Question

Q2) There is a 10.80% probability of an average economy and a 89.20% probability of an...

Q2) There is a 10.80% probability of an average economy and a 89.20% probability of an above average economy. You invest 38.10% of your money in Stock S and 61.90% of your money in Stock T. In an average economy the expected returns for Stock S and Stock T are 6.50% and 9.30%, respectively.

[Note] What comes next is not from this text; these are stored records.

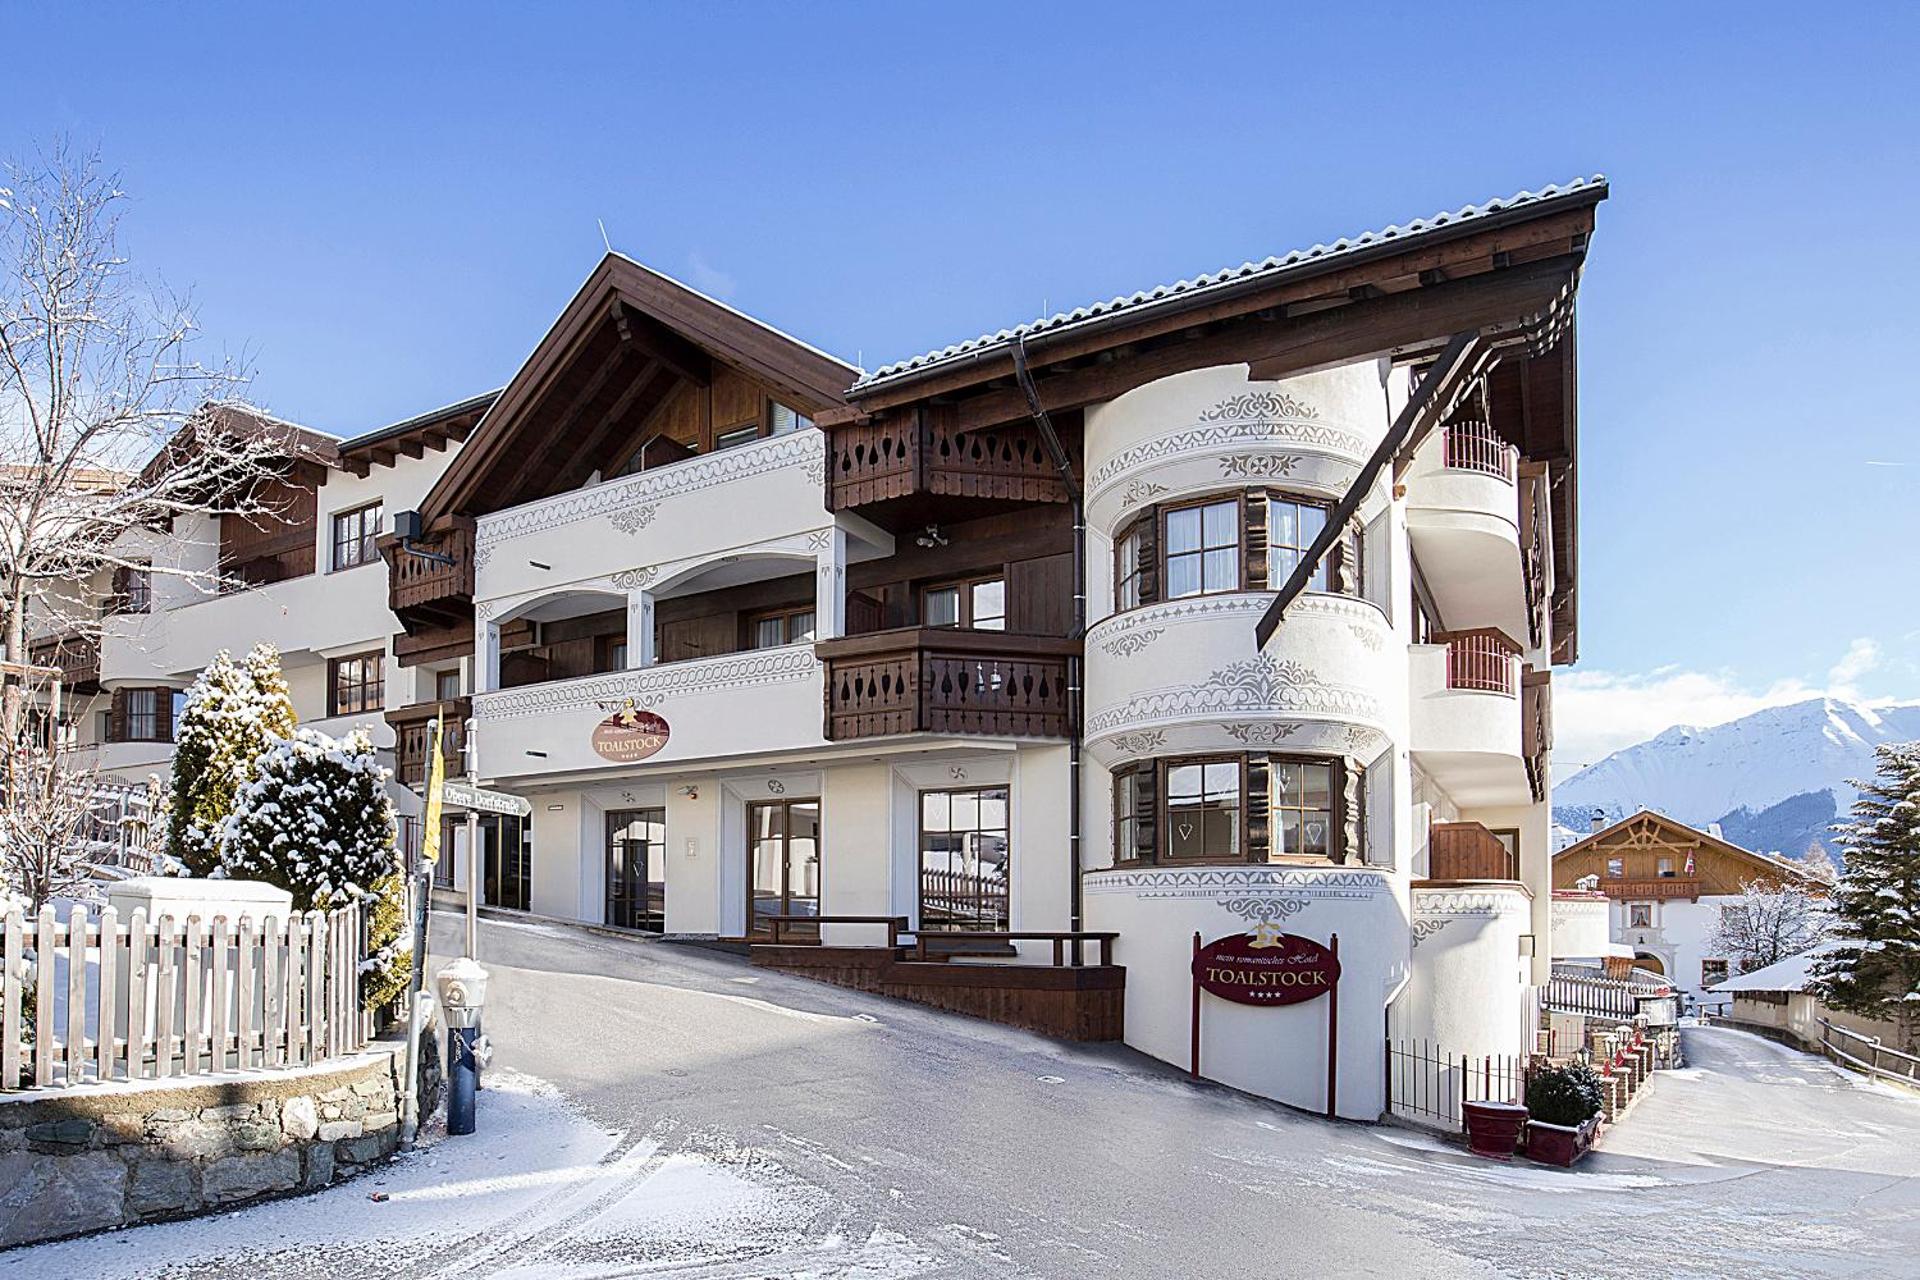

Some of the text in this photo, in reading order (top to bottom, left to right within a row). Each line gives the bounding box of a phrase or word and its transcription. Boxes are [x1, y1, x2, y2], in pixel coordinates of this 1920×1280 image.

[598, 736, 661, 752] TOALSTOCK
[445, 787, 472, 803] Obere
[1215, 954, 1235, 962] mein
[1287, 952, 1319, 965] Hotel
[1206, 967, 1328, 986] TOALSTOCK

In an above average economy the the expected returns for Stock S and T are 35.50% and 13.40%, respectively. What is the expected return for this two stock portfolio? (2 points)

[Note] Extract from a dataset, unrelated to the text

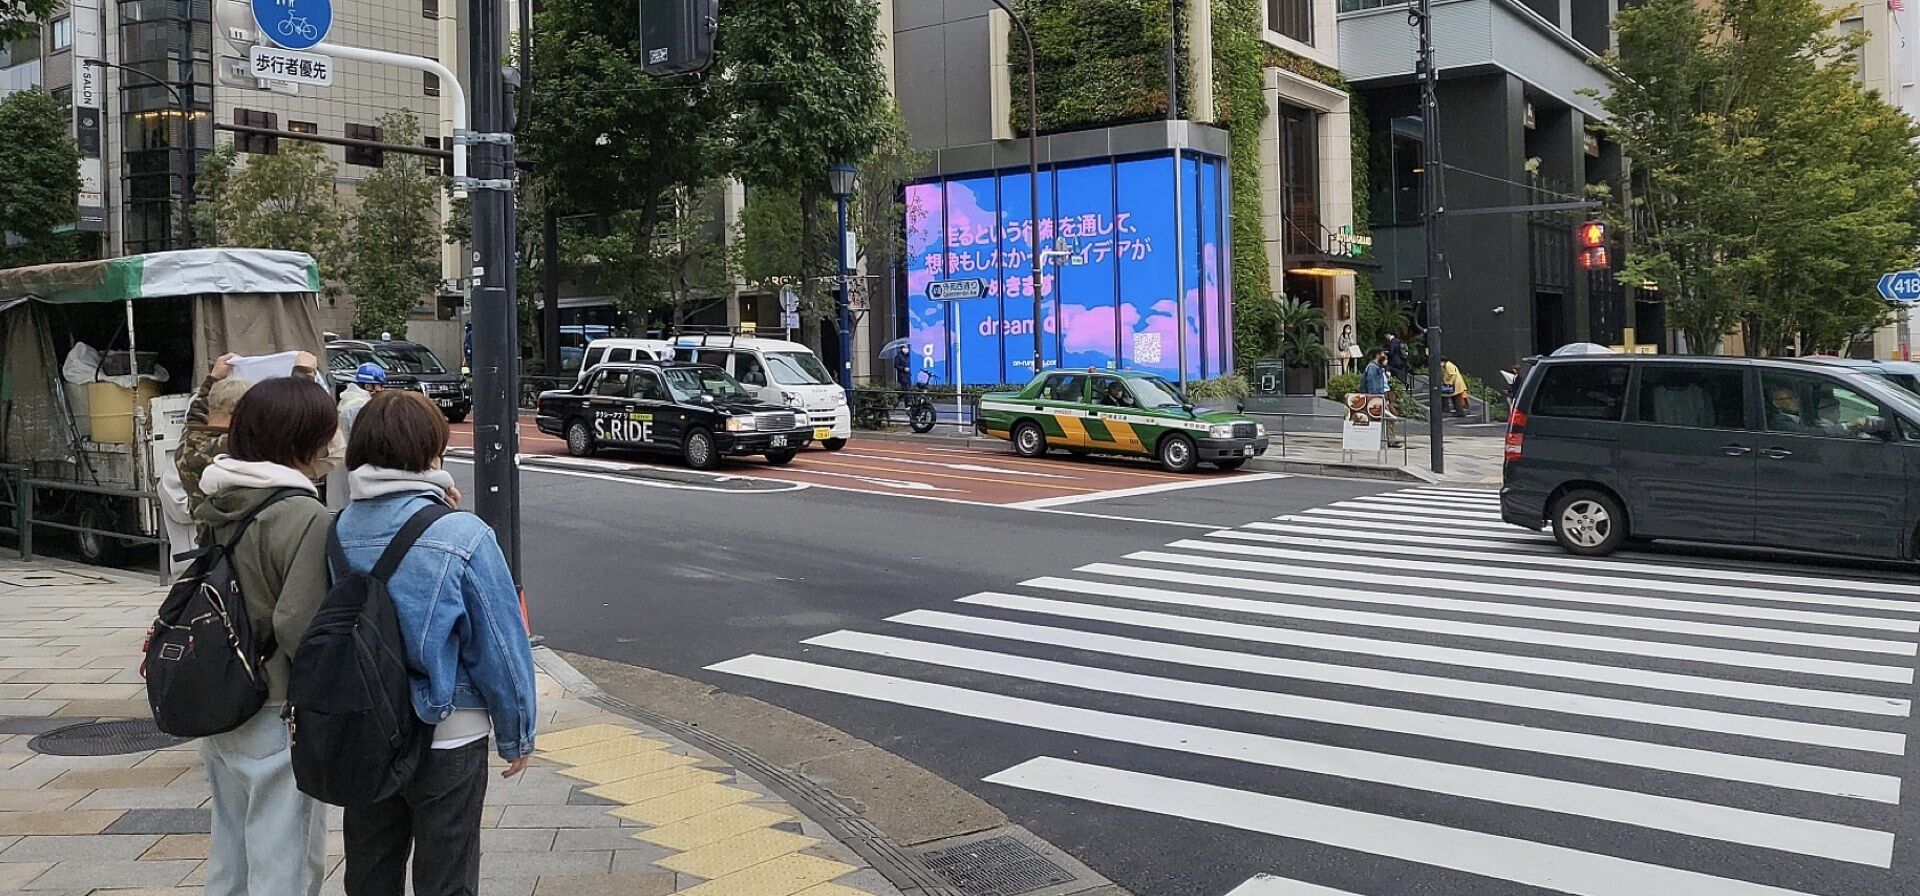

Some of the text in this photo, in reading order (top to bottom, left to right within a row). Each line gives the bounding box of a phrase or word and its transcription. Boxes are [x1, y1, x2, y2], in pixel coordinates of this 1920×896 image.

[256, 54, 326, 80] 歩行者優先
[83, 73, 92, 105] SALON
[1894, 278, 1920, 293] 418

I received the following solutions:

Stock S: E(R)= .357808

Stock T: E(R)= .129572

Portfolio E(R) = .103463

The correct answer was 20.35% or .2035

Please help me figure out where I went wrong.

Homework Answers

Answer #1
State of economy Probability of state of economy (P) Return on S(x) Return on T (y) Px Py
Average 0.1080 6.5 9.3 0.702 1.0044
Above average 0.8920 35.5 13.4 31.666 11.9528
Total 32.37 12.96
Expected return for asset S= ∑Px= 32.37%
Expected return for asset T= ∑Py= 12.96%
To find,
Expected return on portfolio consisting of 0.381 in Stock S and 0.619 in Stock T
Expected return on portfolio= Weighted average
0.381*32.37+0.619*12.96
20.35% (Required answer)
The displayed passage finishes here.